• **What you should do**: Return, word for word, the line that contains "this 1920×1080 image." and every line after it through the end of the records.

• **Dataset records**:
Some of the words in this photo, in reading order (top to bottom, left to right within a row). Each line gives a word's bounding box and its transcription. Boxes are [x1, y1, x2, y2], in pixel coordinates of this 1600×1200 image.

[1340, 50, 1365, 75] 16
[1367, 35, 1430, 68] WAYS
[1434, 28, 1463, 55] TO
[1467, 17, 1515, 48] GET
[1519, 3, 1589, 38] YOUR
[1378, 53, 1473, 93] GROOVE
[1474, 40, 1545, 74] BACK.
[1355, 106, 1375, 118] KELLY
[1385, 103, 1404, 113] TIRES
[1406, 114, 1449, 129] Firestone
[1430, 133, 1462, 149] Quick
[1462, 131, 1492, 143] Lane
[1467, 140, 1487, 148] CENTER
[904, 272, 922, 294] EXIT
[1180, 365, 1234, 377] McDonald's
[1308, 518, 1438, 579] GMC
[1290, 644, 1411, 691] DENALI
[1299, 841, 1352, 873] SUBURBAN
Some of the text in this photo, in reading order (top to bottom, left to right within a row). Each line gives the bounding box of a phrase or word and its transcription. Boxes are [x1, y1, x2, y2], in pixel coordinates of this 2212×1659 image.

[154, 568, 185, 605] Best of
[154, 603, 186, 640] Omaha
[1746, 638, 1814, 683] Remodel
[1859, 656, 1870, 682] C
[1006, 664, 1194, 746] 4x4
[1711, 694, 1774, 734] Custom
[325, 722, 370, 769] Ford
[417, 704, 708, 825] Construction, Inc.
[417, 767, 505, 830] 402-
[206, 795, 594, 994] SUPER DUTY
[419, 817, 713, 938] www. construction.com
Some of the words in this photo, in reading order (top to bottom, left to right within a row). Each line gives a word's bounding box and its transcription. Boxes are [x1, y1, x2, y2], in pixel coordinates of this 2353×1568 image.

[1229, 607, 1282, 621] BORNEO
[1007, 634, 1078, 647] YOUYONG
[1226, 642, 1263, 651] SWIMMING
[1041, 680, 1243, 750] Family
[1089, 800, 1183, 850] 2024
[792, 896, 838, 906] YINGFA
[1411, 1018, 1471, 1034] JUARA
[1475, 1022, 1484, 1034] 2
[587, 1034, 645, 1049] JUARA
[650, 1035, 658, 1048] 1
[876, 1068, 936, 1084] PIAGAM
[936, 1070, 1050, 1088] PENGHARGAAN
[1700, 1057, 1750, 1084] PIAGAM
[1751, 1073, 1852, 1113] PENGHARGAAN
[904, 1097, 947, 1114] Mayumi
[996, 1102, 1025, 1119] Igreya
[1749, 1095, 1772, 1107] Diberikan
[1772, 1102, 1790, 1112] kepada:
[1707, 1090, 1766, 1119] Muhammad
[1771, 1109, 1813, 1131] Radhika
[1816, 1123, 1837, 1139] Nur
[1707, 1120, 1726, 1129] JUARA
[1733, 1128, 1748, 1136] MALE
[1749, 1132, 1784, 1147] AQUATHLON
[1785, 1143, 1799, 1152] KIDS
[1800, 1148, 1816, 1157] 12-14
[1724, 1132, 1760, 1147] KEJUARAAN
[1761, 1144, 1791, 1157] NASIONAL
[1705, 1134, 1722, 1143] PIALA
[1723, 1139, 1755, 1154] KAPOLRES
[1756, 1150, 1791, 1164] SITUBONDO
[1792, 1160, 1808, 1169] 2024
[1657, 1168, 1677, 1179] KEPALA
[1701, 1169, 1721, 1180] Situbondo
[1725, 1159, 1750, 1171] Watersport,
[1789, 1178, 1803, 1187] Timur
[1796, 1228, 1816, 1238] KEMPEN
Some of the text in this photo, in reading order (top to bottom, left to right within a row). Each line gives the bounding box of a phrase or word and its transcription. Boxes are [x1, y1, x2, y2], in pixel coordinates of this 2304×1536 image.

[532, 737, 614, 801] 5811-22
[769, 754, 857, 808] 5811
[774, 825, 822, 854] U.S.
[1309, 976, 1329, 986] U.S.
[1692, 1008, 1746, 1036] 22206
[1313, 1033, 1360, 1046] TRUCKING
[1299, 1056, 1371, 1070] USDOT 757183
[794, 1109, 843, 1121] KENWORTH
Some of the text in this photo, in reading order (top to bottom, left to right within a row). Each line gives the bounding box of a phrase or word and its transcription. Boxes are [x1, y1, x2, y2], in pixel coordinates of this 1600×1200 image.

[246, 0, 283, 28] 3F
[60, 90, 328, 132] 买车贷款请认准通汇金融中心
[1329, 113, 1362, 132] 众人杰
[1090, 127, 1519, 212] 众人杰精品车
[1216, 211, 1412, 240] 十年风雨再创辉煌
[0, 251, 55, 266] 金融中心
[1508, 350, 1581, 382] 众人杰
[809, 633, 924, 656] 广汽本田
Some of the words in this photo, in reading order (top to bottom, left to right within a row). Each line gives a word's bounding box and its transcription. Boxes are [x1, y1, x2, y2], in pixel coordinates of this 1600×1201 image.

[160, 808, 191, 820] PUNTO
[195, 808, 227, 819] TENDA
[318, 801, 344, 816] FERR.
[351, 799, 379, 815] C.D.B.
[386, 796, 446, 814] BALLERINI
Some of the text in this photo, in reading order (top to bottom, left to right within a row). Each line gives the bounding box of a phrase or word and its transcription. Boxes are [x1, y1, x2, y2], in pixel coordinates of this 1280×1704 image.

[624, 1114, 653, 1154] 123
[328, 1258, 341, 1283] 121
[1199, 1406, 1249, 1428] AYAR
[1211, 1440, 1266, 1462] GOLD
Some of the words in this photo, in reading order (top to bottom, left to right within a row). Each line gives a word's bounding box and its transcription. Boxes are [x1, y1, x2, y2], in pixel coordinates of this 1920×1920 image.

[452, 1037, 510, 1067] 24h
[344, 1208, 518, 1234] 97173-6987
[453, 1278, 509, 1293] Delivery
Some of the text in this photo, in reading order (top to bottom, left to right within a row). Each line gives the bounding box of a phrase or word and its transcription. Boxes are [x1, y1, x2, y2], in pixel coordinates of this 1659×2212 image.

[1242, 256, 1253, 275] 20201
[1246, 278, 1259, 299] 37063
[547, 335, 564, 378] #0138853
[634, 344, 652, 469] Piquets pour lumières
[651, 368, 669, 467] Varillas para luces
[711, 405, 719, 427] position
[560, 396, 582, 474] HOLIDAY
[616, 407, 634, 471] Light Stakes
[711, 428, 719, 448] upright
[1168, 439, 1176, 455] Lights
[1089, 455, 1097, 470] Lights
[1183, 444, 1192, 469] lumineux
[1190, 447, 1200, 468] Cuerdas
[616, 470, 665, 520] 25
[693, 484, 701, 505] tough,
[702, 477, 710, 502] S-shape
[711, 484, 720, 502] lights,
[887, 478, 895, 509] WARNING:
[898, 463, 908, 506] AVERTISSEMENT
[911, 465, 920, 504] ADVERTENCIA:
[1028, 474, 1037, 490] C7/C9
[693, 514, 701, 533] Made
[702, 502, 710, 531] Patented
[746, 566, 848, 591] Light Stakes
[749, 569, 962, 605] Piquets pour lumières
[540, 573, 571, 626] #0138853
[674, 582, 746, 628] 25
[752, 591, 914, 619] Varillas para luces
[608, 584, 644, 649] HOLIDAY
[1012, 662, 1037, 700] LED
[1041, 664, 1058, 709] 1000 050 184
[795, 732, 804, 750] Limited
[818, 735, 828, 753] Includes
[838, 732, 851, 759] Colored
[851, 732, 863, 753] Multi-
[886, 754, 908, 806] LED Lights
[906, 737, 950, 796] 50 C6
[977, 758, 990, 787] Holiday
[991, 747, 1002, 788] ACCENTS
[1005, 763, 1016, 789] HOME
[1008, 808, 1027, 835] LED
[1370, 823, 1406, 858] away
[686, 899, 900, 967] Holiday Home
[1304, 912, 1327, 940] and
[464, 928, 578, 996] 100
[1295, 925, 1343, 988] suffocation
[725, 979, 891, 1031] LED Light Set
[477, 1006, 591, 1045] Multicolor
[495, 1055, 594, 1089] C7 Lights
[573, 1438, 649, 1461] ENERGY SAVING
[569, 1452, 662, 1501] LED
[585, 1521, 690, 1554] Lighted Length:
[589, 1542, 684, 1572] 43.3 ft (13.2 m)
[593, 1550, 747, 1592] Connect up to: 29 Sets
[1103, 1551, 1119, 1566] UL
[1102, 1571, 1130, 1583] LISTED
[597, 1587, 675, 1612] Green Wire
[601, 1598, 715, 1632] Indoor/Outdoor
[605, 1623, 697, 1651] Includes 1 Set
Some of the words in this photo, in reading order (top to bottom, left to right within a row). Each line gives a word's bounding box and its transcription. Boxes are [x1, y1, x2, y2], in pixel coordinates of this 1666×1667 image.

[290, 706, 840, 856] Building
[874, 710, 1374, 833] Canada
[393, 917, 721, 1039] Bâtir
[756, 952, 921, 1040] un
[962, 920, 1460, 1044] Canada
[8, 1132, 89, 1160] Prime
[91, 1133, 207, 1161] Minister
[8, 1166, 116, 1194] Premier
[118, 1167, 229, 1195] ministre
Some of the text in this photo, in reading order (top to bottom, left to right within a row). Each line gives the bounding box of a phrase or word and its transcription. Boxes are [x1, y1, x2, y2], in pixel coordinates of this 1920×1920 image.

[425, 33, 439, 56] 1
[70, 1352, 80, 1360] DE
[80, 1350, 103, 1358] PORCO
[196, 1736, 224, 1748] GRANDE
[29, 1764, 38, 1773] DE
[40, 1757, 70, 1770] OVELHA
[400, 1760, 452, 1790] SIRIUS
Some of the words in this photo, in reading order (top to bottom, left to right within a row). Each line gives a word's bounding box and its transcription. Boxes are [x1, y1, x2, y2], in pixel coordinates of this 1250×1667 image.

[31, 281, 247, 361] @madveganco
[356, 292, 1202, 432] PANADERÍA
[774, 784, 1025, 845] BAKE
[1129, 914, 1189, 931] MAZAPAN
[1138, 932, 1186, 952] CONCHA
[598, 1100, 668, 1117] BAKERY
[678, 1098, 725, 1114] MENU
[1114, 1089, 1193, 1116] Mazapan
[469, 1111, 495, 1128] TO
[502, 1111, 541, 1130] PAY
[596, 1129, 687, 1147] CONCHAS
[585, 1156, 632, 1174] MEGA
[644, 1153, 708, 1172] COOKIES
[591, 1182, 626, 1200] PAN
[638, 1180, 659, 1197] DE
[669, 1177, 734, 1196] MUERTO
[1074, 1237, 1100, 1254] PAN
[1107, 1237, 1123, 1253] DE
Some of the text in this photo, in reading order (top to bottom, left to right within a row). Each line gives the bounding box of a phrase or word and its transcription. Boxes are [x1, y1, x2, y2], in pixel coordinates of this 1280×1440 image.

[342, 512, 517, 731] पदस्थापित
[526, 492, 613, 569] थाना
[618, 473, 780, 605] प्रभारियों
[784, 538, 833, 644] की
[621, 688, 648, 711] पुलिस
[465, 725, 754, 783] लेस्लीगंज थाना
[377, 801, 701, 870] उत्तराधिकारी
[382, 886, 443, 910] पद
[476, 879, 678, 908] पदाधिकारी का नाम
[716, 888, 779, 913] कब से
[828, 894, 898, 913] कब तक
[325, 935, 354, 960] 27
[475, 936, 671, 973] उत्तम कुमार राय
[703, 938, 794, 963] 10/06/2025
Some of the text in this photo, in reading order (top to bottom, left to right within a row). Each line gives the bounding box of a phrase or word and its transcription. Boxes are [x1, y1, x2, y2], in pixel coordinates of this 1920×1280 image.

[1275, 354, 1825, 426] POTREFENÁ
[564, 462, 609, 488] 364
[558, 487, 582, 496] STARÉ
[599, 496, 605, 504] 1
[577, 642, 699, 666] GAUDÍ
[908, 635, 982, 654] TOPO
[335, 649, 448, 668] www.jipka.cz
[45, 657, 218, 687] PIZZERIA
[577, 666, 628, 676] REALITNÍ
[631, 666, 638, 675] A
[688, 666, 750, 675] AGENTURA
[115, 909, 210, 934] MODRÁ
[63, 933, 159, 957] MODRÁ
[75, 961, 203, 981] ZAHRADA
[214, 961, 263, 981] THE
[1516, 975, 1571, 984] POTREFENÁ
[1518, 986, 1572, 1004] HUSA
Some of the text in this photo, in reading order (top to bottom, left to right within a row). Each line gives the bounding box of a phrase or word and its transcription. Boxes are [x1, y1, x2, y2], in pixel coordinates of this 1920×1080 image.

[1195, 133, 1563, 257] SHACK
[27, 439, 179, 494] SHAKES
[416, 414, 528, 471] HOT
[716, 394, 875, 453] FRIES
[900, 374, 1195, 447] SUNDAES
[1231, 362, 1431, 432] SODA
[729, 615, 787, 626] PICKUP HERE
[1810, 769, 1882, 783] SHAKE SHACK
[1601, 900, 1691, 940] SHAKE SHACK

• **Task solution**:
Some of the text in this photo, in reading order (top to bottom, left to right within a row). Each line gives the bounding box of a phrase or word and its transcription. Boxes are [x1, y1, x2, y2], in pixel coordinates of this 1920×1080 image.

[1195, 133, 1563, 257] SHACK
[27, 439, 179, 494] SHAKES
[416, 414, 528, 471] HOT
[716, 394, 875, 453] FRIES
[900, 374, 1195, 447] SUNDAES
[1231, 362, 1431, 432] SODA
[729, 615, 787, 626] PICKUP HERE
[1810, 769, 1882, 783] SHAKE SHACK
[1601, 900, 1691, 940] SHAKE SHACK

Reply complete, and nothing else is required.